> [Activity]: What follows is a set of records; repeat them exactly, without the pictures.

> [Material provided]:

______________________________

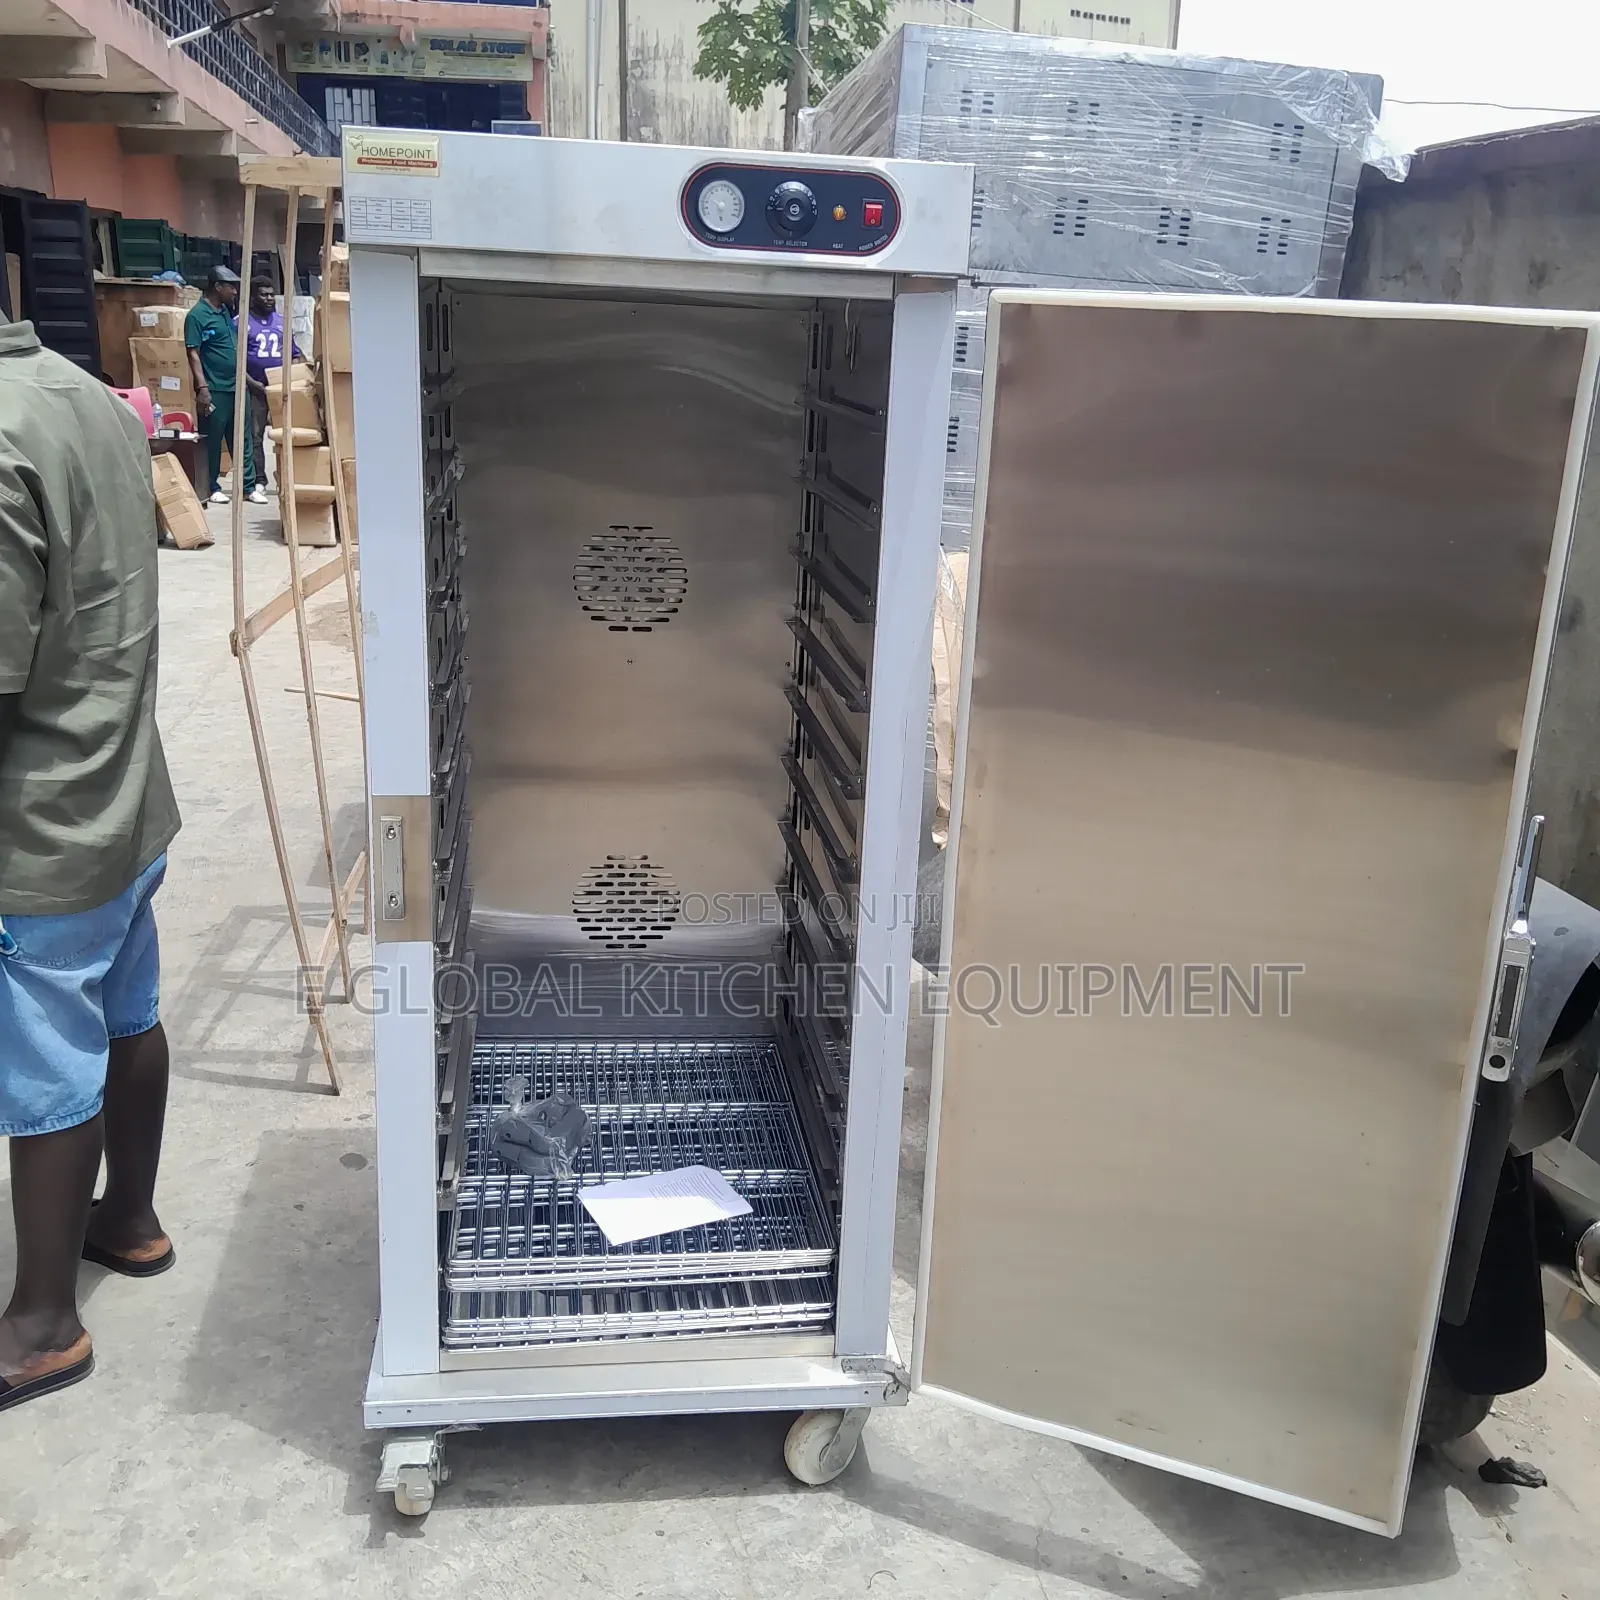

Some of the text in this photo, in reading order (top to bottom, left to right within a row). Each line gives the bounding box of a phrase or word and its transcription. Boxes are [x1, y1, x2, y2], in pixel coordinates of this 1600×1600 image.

[429, 38, 478, 53] SOLAR
[361, 146, 432, 159] HOMEPOINT
[407, 160, 434, 168] Machinery
[717, 235, 735, 243] DISPLAY
[785, 240, 808, 248] SELECTOR
[255, 333, 282, 358] 22

______________________________

> [Task response]:
Some of the text in this photo, in reading order (top to bottom, left to right within a row). Each line gives the bounding box of a phrase or word and its transcription. Boxes are [x1, y1, x2, y2], in pixel coordinates of this 1600×1600 image.

[429, 38, 478, 53] SOLAR
[361, 146, 432, 159] HOMEPOINT
[407, 160, 434, 168] Machinery
[717, 235, 735, 243] DISPLAY
[785, 240, 808, 248] SELECTOR
[255, 333, 282, 358] 22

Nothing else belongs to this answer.